THE DATA section start
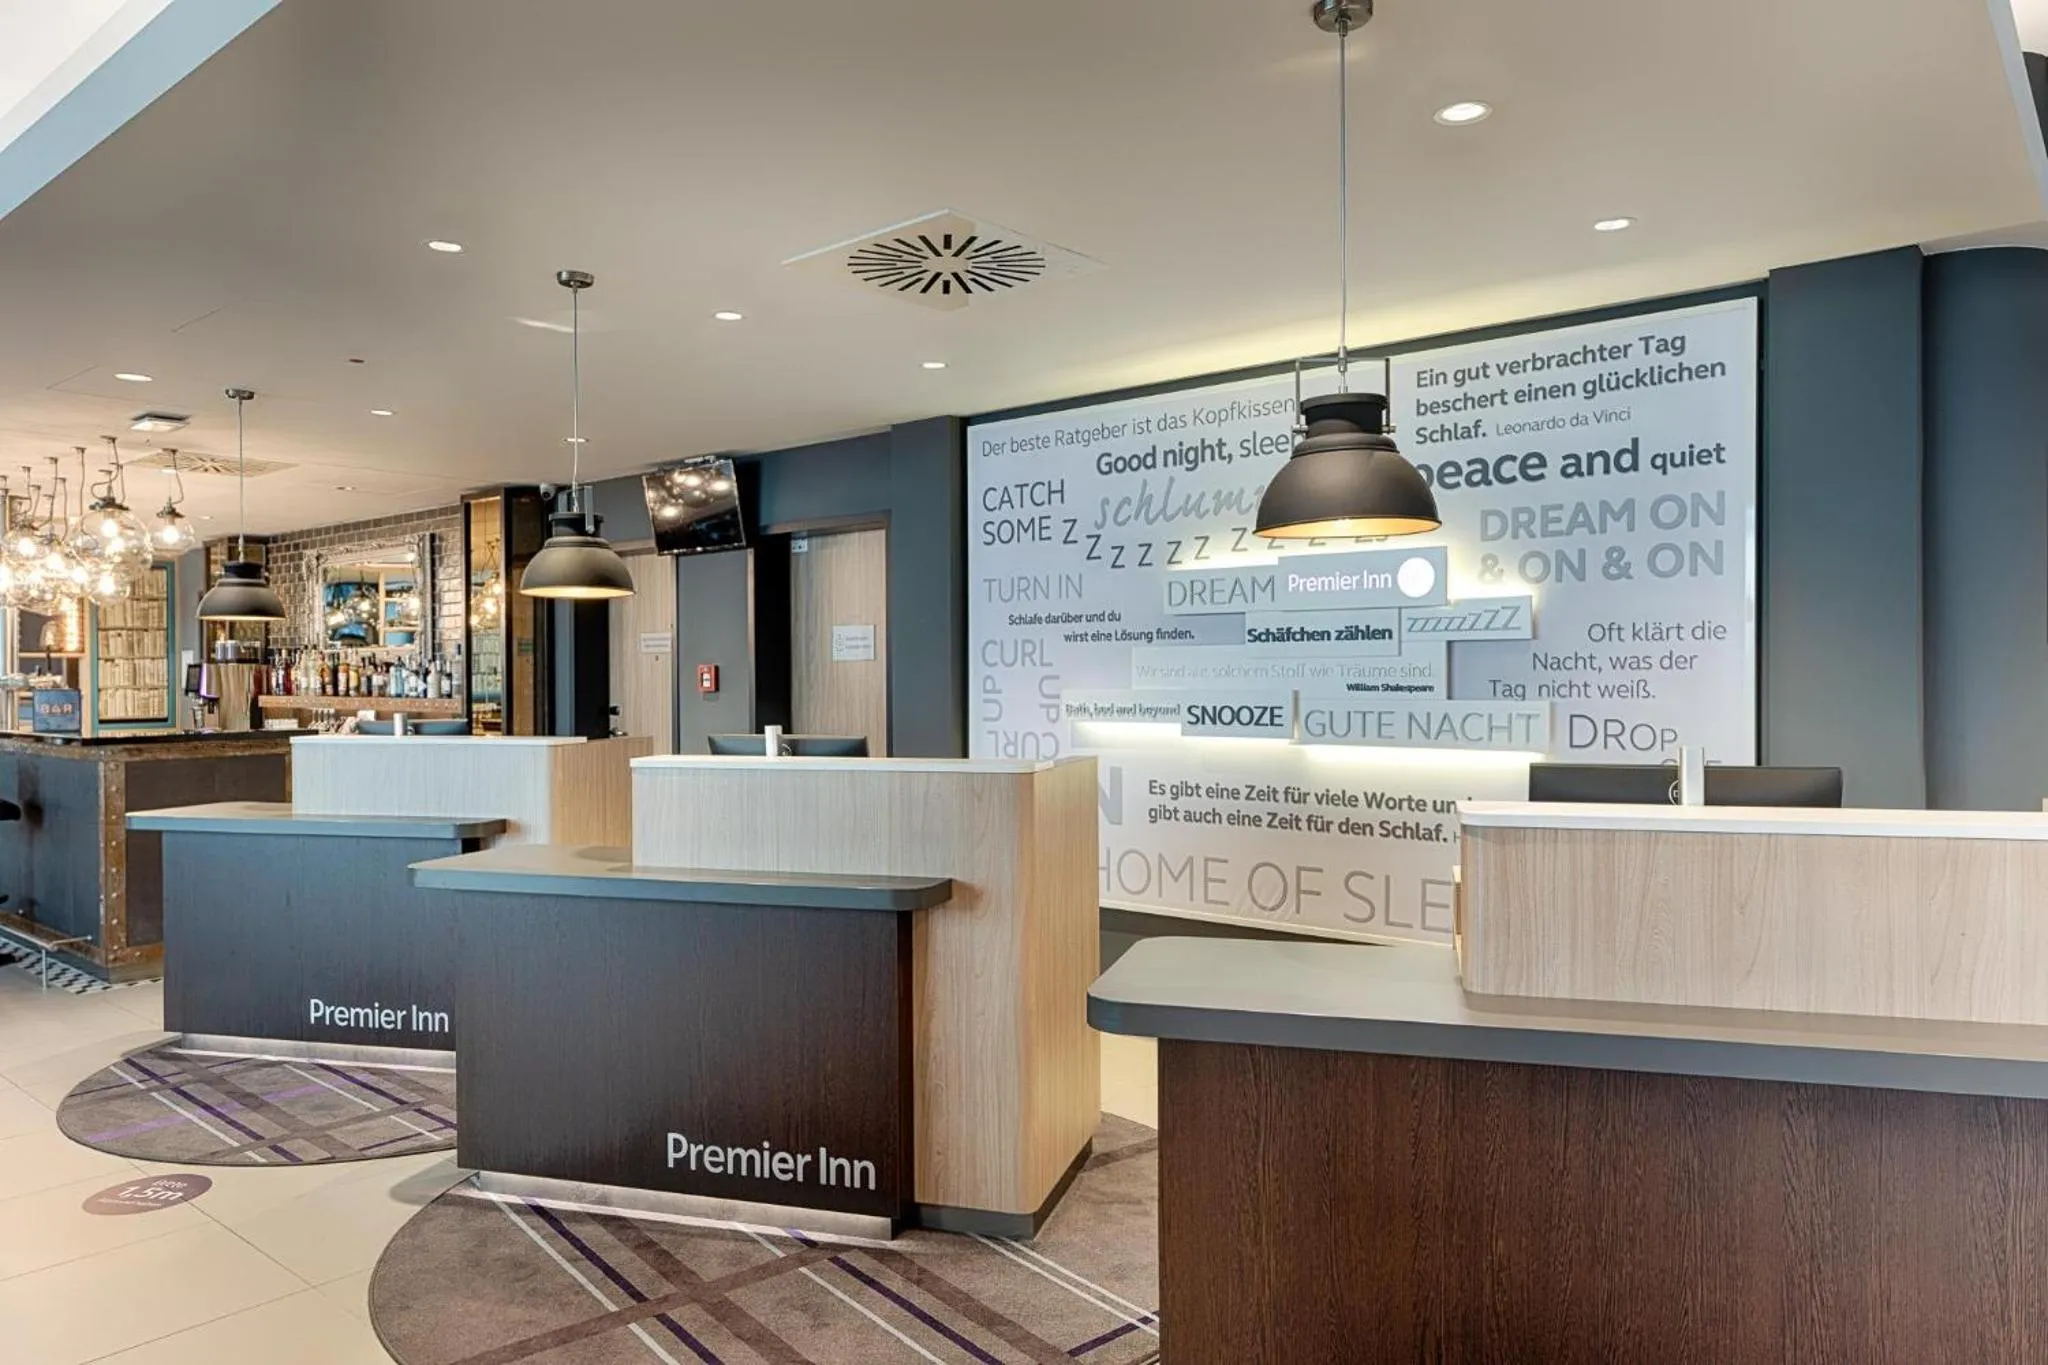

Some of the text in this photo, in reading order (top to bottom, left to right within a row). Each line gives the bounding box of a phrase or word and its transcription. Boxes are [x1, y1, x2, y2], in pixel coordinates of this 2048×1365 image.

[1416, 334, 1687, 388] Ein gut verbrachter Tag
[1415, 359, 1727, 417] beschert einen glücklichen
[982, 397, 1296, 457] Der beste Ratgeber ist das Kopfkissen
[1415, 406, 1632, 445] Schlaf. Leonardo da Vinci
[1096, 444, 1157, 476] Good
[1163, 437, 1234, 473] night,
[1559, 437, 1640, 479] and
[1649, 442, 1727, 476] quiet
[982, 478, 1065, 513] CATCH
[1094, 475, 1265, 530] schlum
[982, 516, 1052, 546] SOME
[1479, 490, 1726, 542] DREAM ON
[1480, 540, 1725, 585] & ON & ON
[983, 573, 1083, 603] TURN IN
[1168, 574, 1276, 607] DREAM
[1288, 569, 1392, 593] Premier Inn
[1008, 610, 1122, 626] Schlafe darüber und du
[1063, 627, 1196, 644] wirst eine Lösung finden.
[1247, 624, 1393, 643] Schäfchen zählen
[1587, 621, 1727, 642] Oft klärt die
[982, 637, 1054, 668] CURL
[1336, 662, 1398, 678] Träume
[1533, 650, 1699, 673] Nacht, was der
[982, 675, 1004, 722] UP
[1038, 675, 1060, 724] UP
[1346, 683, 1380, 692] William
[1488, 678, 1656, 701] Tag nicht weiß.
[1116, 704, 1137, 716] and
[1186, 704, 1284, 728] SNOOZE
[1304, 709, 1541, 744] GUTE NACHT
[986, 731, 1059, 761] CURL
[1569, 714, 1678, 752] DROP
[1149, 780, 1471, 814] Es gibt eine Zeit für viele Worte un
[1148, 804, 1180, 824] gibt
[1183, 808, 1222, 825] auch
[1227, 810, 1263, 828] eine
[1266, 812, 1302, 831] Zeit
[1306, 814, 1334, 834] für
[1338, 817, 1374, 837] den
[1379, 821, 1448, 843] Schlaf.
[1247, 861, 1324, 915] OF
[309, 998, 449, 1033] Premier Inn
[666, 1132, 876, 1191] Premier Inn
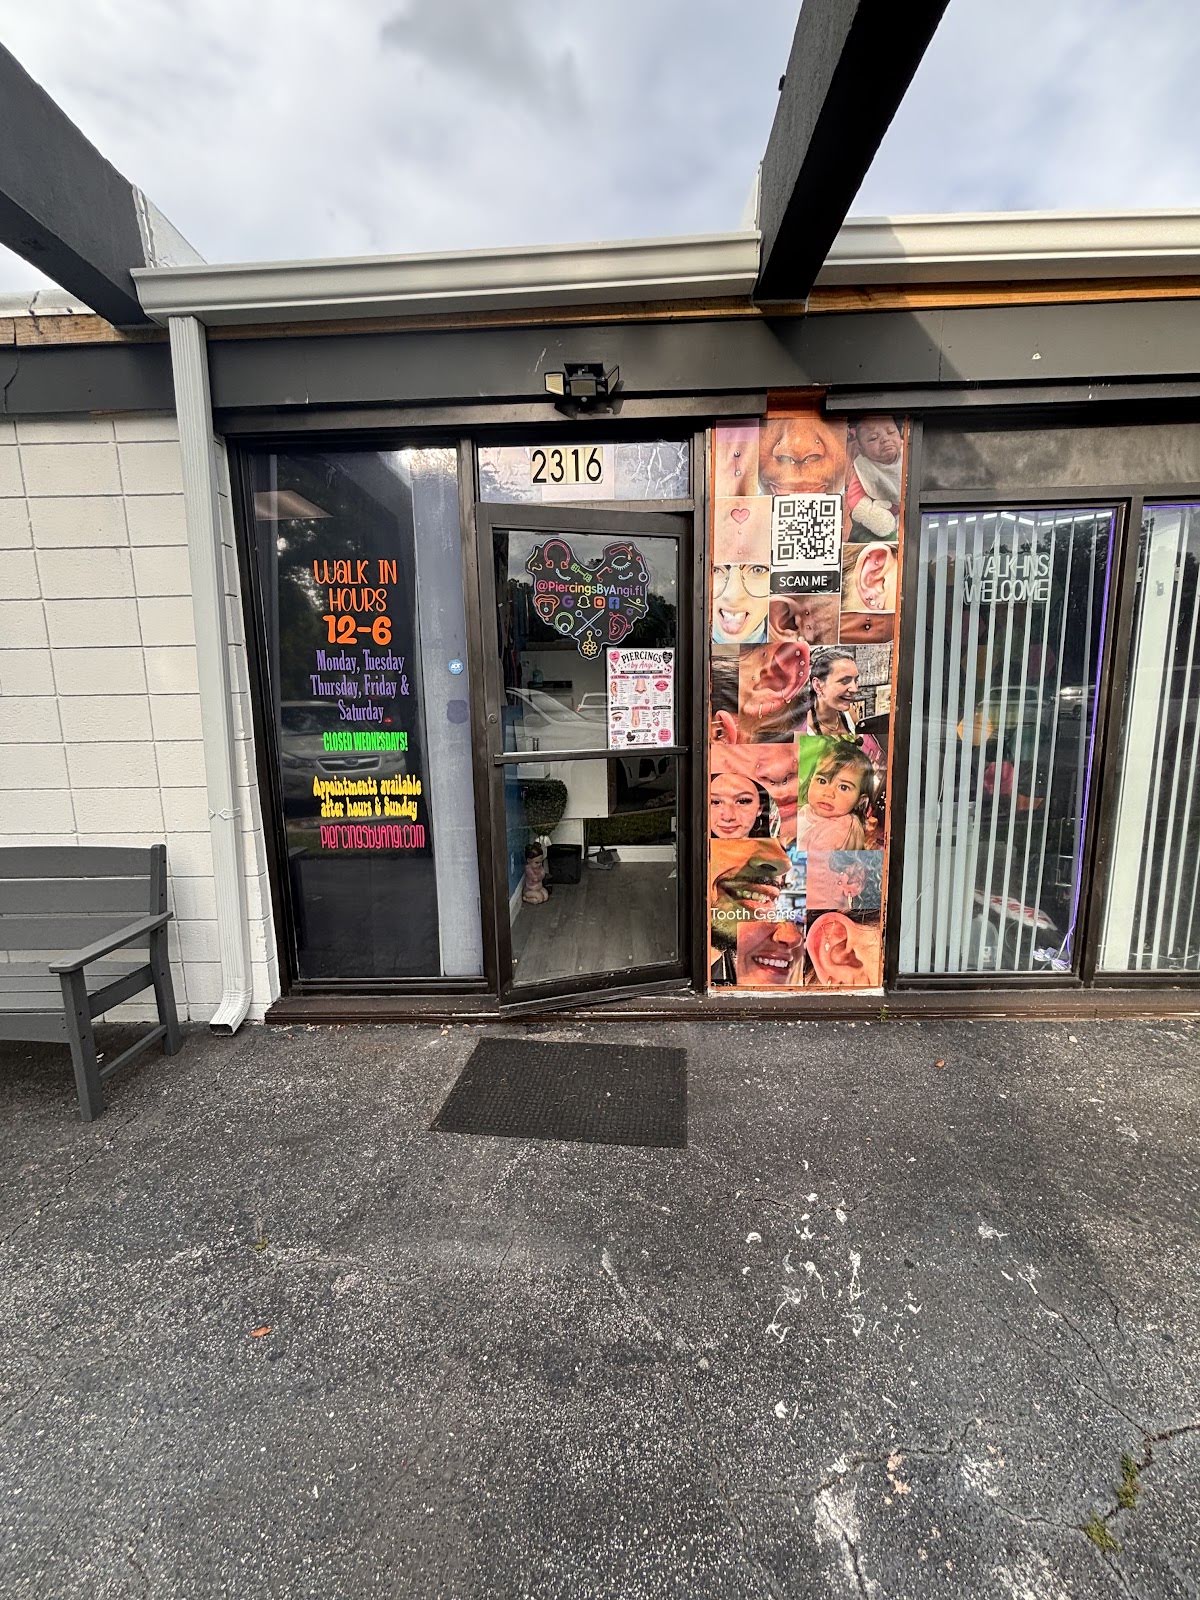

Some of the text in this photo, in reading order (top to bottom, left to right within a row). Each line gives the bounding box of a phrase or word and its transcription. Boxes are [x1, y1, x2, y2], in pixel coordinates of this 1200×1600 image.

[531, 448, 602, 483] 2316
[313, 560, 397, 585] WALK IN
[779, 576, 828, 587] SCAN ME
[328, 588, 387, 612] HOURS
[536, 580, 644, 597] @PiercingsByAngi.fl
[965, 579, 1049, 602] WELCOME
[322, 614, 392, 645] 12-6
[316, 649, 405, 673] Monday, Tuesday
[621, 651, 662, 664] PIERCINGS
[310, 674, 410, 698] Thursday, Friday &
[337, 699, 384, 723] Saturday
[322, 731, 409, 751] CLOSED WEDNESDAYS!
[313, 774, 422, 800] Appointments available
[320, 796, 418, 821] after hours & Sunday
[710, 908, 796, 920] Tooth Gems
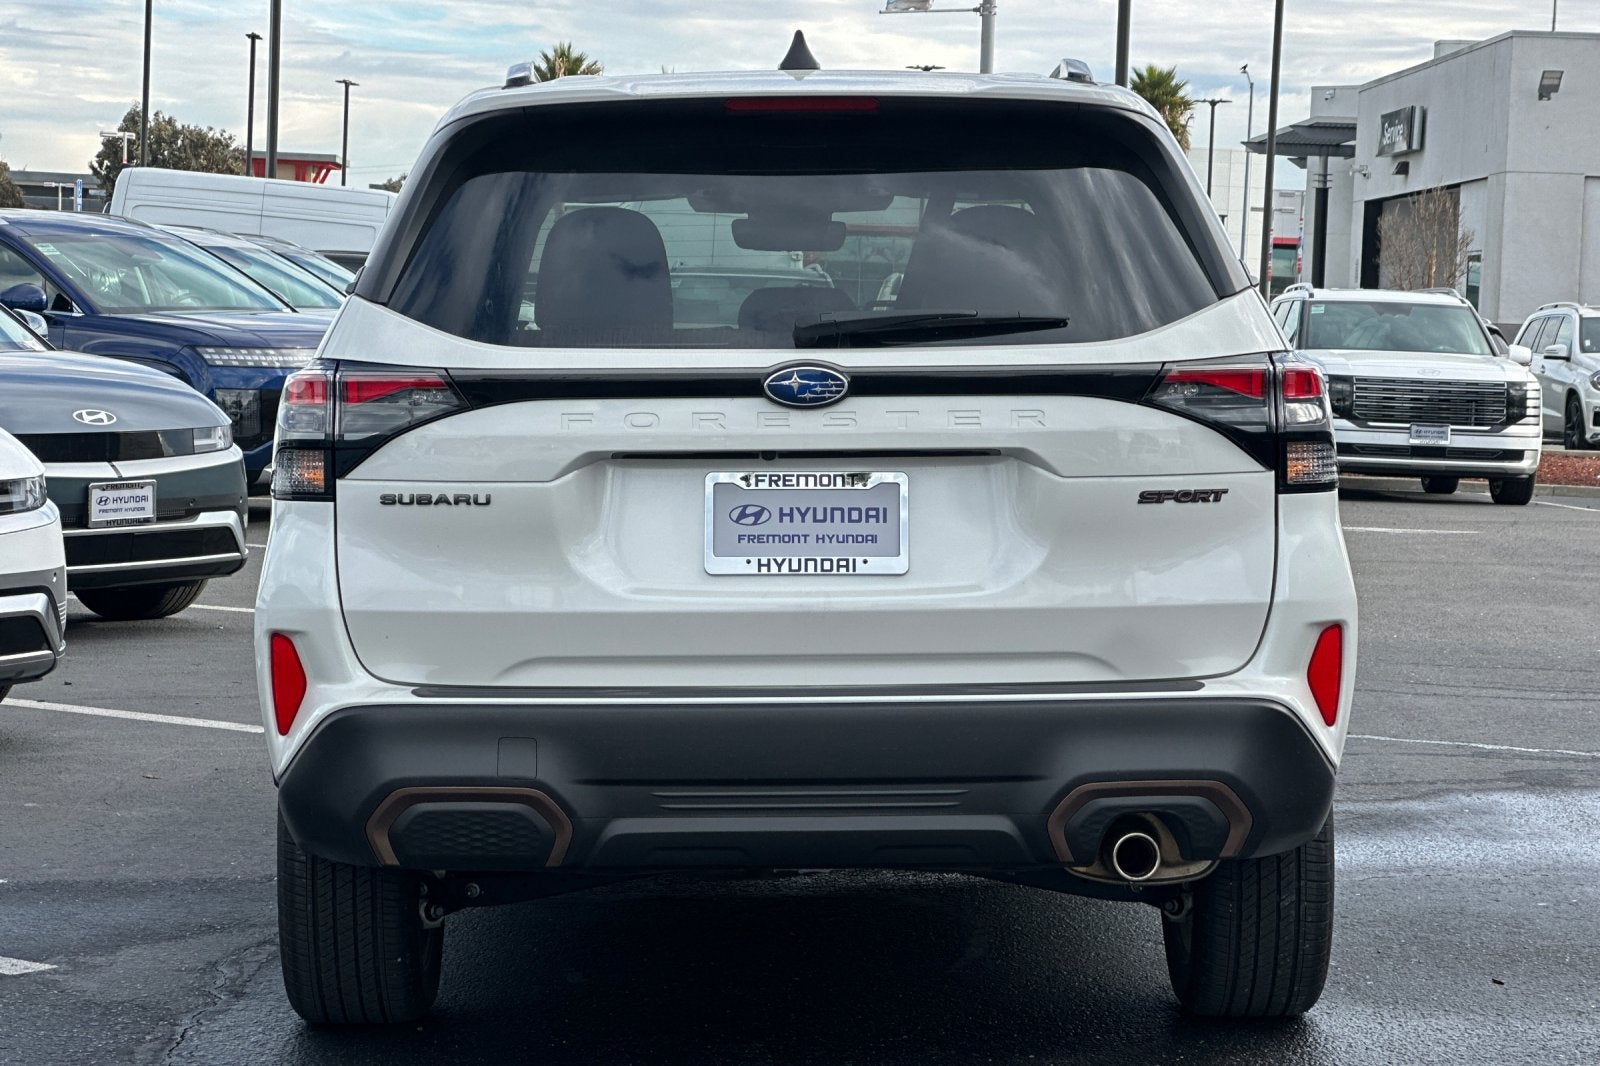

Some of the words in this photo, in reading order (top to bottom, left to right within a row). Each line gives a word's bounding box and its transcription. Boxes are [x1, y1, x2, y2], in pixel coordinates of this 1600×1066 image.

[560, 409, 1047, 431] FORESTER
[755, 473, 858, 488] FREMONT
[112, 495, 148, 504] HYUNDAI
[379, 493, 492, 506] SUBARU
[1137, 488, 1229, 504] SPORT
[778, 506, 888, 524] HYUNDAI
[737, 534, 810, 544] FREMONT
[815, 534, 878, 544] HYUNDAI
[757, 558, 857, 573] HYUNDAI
THE DATA section end
_EXERCISE_:
Copy exactly the line that contains "Some of the words" and all lines after it in the listing above, through the final line, and nothing else.

_SOLUTION FOR THIS EXERCISE_:
Some of the words in this photo, in reading order (top to bottom, left to right within a row). Each line gives a word's bounding box and its transcription. Boxes are [x1, y1, x2, y2], in pixel coordinates of this 1600×1066 image.

[560, 409, 1047, 431] FORESTER
[755, 473, 858, 488] FREMONT
[112, 495, 148, 504] HYUNDAI
[379, 493, 492, 506] SUBARU
[1137, 488, 1229, 504] SPORT
[778, 506, 888, 524] HYUNDAI
[737, 534, 810, 544] FREMONT
[815, 534, 878, 544] HYUNDAI
[757, 558, 857, 573] HYUNDAI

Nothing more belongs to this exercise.